数日前の新聞に表記の記事がでています。 ALSは筋萎縮性側索硬化症のことで、今では社会的に広く知られている難病の一つです。原因が分からない病気で徐々に体の筋肉の麻痺が進んで、最初は握力や脚の力が低下してきて進行すると呼吸も出来なくなります。人工呼吸器を着けるかどうかは患者さんの事前の意志が尊重されますが、認知機能は残るので眼球運動機能が残っている場合は人工呼吸器を着けながら目の動きで意思の疎通が可能なことはよく知られています。
さてこのALSですが、私の外科医としてのスタートを切ったのは和歌山県田辺市の病院でしたが、そこでこの病気の研究のルーツを知りました。和歌県の牟婁地方に神経麻痺が進行する原因不明の病気が多いことが知られていて、牟婁病として言い伝えられていたようです。こういう地域の名前が付いた病気の名前はもう使われなくなった、というか使えなくなったのかと思いましたが、調べるとそうではないようなので、ここでも使わせてもらいました。当時の社会保険紀南総合病院の院長先生がその専門であったので、何となく身近に感じていたのを思い出します。何だそれだけのことか、という話ですが。
記事によると、「北大と大阪大の研究チームは13日、全身の筋力が低下する難病「筋萎縮性側索硬化症(ALS)」の新薬の臨床試験を始めると発表した。平成23~26年に行った臨床試験で安全性が確認されたとし、今回は病状の進行を抑える効果があるかどうかを調べる。」というものです。HGFという成長因子を注射する群とプラセボの注射群とを比較して病気の進行が抑えられるかどうかをみるようです。既に人工呼吸器が付いている方への試験は将来のことでしょうか。

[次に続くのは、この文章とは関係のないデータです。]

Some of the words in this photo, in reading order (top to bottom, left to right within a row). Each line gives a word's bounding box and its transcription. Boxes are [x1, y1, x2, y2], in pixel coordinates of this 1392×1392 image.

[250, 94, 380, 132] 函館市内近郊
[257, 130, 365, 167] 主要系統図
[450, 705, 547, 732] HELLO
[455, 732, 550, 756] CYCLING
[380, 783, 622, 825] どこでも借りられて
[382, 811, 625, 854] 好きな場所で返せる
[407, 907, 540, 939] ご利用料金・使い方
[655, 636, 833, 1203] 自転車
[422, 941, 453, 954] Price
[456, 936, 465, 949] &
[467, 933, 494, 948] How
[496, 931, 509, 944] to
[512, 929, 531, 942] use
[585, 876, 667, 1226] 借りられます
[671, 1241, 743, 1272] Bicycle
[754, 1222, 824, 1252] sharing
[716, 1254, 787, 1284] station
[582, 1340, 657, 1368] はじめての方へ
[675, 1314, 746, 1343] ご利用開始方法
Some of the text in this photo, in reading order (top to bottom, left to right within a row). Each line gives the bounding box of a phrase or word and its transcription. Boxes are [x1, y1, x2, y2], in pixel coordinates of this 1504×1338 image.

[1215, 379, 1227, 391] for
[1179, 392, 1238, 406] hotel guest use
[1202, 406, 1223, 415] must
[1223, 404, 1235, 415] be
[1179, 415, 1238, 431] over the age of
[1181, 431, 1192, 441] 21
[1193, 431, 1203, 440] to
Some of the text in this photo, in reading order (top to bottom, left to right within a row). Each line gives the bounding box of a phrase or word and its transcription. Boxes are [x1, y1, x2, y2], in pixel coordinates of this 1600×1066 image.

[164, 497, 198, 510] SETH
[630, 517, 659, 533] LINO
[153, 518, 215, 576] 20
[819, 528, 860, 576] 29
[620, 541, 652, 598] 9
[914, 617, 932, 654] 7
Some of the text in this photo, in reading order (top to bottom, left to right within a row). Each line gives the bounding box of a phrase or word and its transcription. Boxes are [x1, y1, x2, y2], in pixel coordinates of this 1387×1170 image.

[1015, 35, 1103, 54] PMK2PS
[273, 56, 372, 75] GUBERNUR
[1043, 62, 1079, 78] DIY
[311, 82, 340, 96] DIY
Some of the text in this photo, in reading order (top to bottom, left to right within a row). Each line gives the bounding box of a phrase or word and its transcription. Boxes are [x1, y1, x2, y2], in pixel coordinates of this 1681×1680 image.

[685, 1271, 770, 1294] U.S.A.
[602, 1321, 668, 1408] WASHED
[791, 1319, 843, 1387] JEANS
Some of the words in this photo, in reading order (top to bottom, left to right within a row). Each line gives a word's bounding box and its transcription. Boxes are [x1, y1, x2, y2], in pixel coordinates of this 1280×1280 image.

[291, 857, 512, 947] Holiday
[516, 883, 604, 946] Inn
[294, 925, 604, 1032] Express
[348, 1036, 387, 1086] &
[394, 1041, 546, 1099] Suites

さて、この病気に新薬が登場しようとしている訳ですが、私の専門でない神経の病気をここで取り上げたのは新薬であるHGF(肝細胞増殖因子)について少なからず関わりがあるからです。人には沢山の成長因子といわれる蛋白質が発見されています。よく知られているのは所謂成長ホルモンですが、これは下垂体前葉の細胞から出る成長に関わる蛋白で、低身長児の治療に使われ、今では美容成形やアンチエイジング治療としても用いられているようです(後者は保険適応ではないと思います)。成長因子としては骨髄での好中球の産生を刺激するG-CSFや赤血球を増やすエリスロポエチンなどがよく知られています。肝臓は再生する臓器としてよく知られています。肝細胞が再生できるのは何かこれに関係する因子(蛋白)があるのでは、というなかでHGF、肝細胞増殖因子、が見つかりました。以来HGFは種々の場所で組織の修復作用があることが分かってきました。
今回、ALSで試験されるのは神経細胞への修復作用を期待してのことですが、前述のようにHGFは肝臓から始まりその後多くの臓器や組織の修復に働くことが分かってきて、まさにミラクル蛋白(サイトカインともいわれます)、ともいえる訳です。阪大第一外科は心臓の再生医療の研究の初期にこのHGFを応用することが大事なテーマでした。HGFを同定した中村敏一教授が阪大におられて共同研究が出来ました。遺伝子組み換え技術でマウスのHGFの複製を作って精力的な実験が進みました。沢山の研究成果が出て、そのなかでHGFに心筋保護作用があることも突き止め、心筋梗塞などへのHGFを使った遺伝子治療の研究も進めました。当時、HGFのHは肝臓ではなく心臓heartのHだ、と言っていたことを思い出します。そして我々は臨床医ですからこれを薬剤として心臓外科の心筋保護液に加えることができないか考えました。そこで人型の遺伝子組み換えHGF蛋白を人に使えるようにと製薬企業とも相談してきました。しかし、当時(20年から15年前に遡りますが)はまだ人に使えるものは出来ませんでしたが、今では製薬企業が薬剤として売り出そうとしているわけで、時代が変わりました。
心臓の再生医療としては今は心筋シートが主流ですが、私が退職する当時は(2005年)心筋症に対するHGF(人型遺伝子組み換え蛋白)と筋芽細胞を合わせた移植治療の実験が成果を上げていました。その後、臨床応用は進んでいないようですが、HGFの薬剤としての使用が今後広まれば、心臓の再生医療も変わるかもしれません。調べてみると、別の遺伝子治療ベンチャーが原発性リンパ浮腫にも応用を始めようとしています。今後、これらをきっかけにG-CSFや エイスロポエチンのように臨床で広く使われる日が来ればいいと思います。心臓再生もHGFで、となるかもしれません。
ということで、なぜこのテーマを今回選んだかがお分かり頂けたでしょうか。今回のニュースは個人的にもかなり興味が持たれるものであります。ALSの臨床試験が成功することを願っています。
写真は連休中の奈良県當麻寺での写真です。